_Activity_.
Everything in the listing below needs restating exactly, apart from the pictures.

[[ Record set open ]]

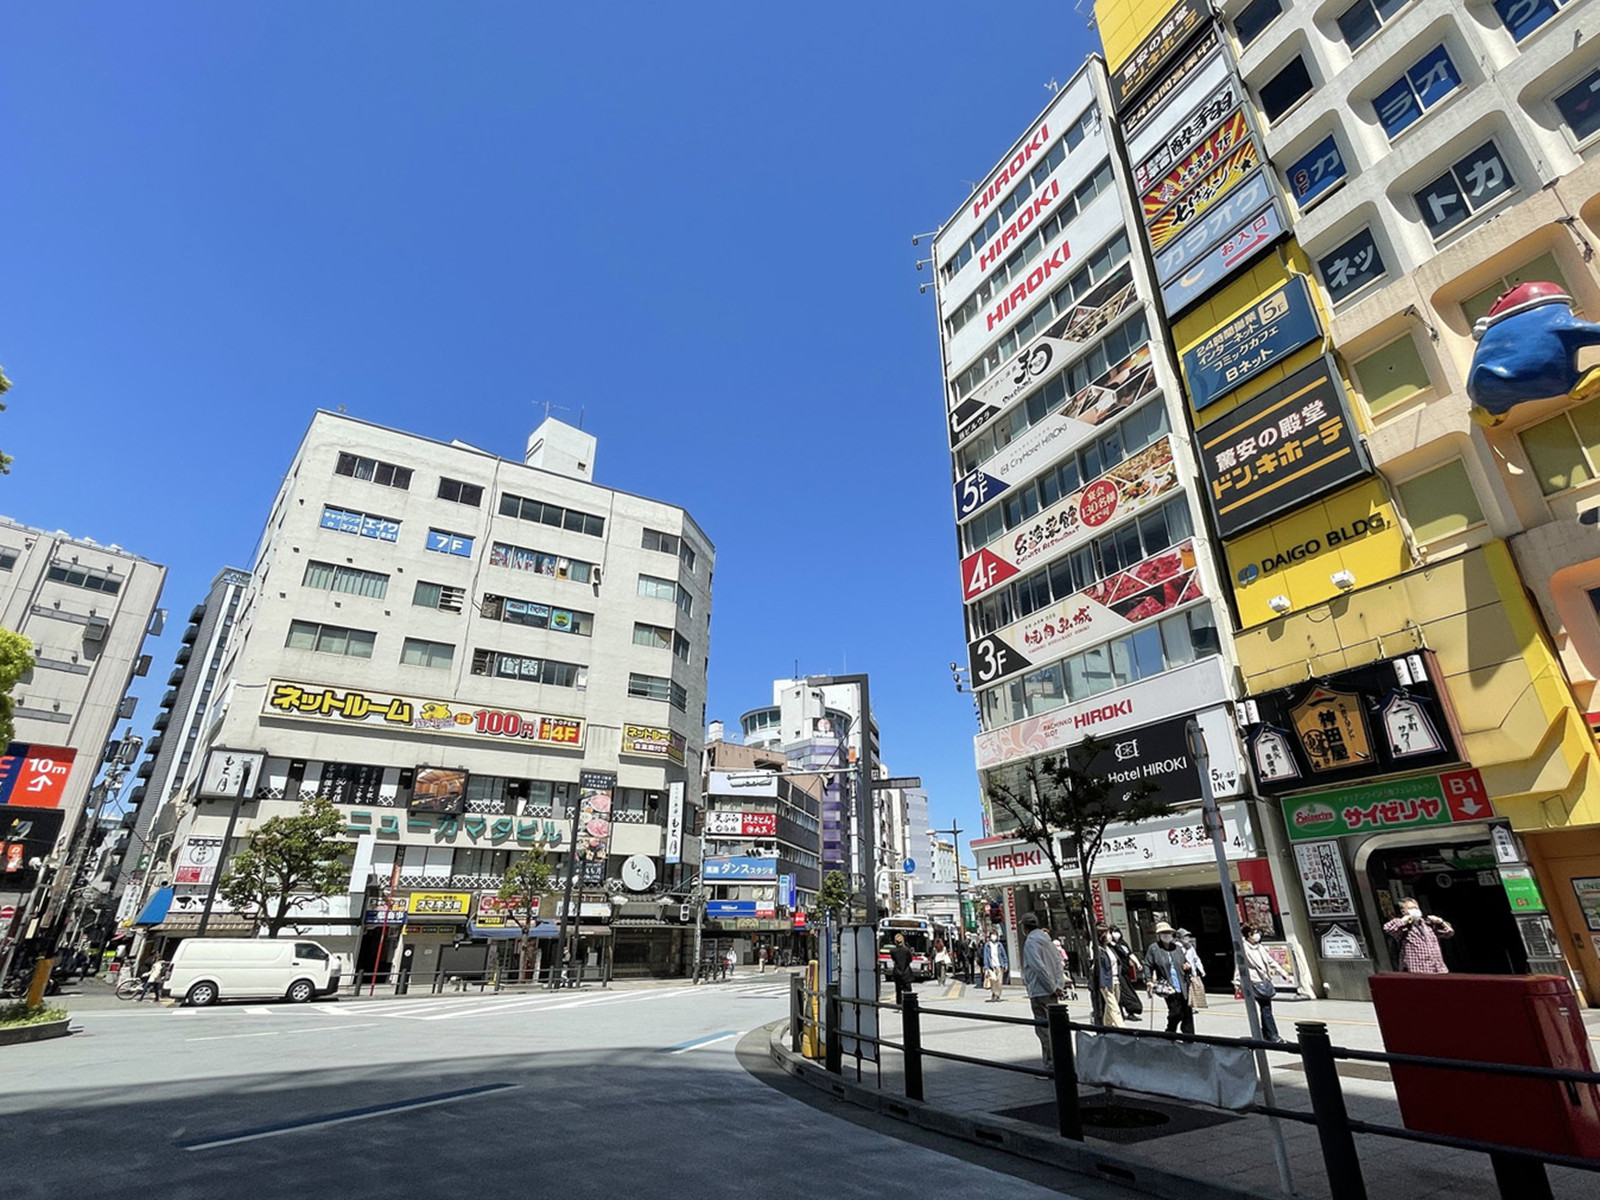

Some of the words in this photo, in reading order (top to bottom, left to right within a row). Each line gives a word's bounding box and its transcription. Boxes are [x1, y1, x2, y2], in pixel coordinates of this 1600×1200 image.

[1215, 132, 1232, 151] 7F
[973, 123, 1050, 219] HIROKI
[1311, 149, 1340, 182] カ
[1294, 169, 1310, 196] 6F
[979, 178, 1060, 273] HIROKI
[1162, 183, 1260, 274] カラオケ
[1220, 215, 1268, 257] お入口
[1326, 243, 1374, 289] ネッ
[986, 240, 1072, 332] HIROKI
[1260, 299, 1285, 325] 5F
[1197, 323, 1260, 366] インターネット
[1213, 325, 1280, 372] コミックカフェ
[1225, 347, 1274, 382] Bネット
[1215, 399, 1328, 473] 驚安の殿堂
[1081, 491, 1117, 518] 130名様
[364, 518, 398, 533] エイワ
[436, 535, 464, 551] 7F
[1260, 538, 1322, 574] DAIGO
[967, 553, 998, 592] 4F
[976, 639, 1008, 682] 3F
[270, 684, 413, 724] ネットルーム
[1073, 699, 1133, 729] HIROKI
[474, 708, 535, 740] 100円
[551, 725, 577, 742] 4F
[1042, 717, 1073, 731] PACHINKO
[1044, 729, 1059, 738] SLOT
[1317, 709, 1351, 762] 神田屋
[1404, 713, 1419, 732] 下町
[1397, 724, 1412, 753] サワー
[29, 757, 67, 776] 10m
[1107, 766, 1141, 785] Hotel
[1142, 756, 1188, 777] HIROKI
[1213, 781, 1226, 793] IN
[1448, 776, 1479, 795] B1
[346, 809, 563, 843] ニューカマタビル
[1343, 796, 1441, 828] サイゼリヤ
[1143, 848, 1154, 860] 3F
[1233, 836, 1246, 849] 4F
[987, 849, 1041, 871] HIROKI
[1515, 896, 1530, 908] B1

[[ Record set closed ]]

_Answer_.
Some of the words in this photo, in reading order (top to bottom, left to right within a row). Each line gives a word's bounding box and its transcription. Boxes are [x1, y1, x2, y2], in pixel coordinates of this 1600×1200 image.

[1215, 132, 1232, 151] 7F
[973, 123, 1050, 219] HIROKI
[1311, 149, 1340, 182] カ
[1294, 169, 1310, 196] 6F
[979, 178, 1060, 273] HIROKI
[1162, 183, 1260, 274] カラオケ
[1220, 215, 1268, 257] お入口
[1326, 243, 1374, 289] ネッ
[986, 240, 1072, 332] HIROKI
[1260, 299, 1285, 325] 5F
[1197, 323, 1260, 366] インターネット
[1213, 325, 1280, 372] コミックカフェ
[1225, 347, 1274, 382] Bネット
[1215, 399, 1328, 473] 驚安の殿堂
[1081, 491, 1117, 518] 130名様
[364, 518, 398, 533] エイワ
[436, 535, 464, 551] 7F
[1260, 538, 1322, 574] DAIGO
[967, 553, 998, 592] 4F
[976, 639, 1008, 682] 3F
[270, 684, 413, 724] ネットルーム
[1073, 699, 1133, 729] HIROKI
[474, 708, 535, 740] 100円
[551, 725, 577, 742] 4F
[1042, 717, 1073, 731] PACHINKO
[1044, 729, 1059, 738] SLOT
[1317, 709, 1351, 762] 神田屋
[1404, 713, 1419, 732] 下町
[1397, 724, 1412, 753] サワー
[29, 757, 67, 776] 10m
[1107, 766, 1141, 785] Hotel
[1142, 756, 1188, 777] HIROKI
[1213, 781, 1226, 793] IN
[1448, 776, 1479, 795] B1
[346, 809, 563, 843] ニューカマタビル
[1343, 796, 1441, 828] サイゼリヤ
[1143, 848, 1154, 860] 3F
[1233, 836, 1246, 849] 4F
[987, 849, 1041, 871] HIROKI
[1515, 896, 1530, 908] B1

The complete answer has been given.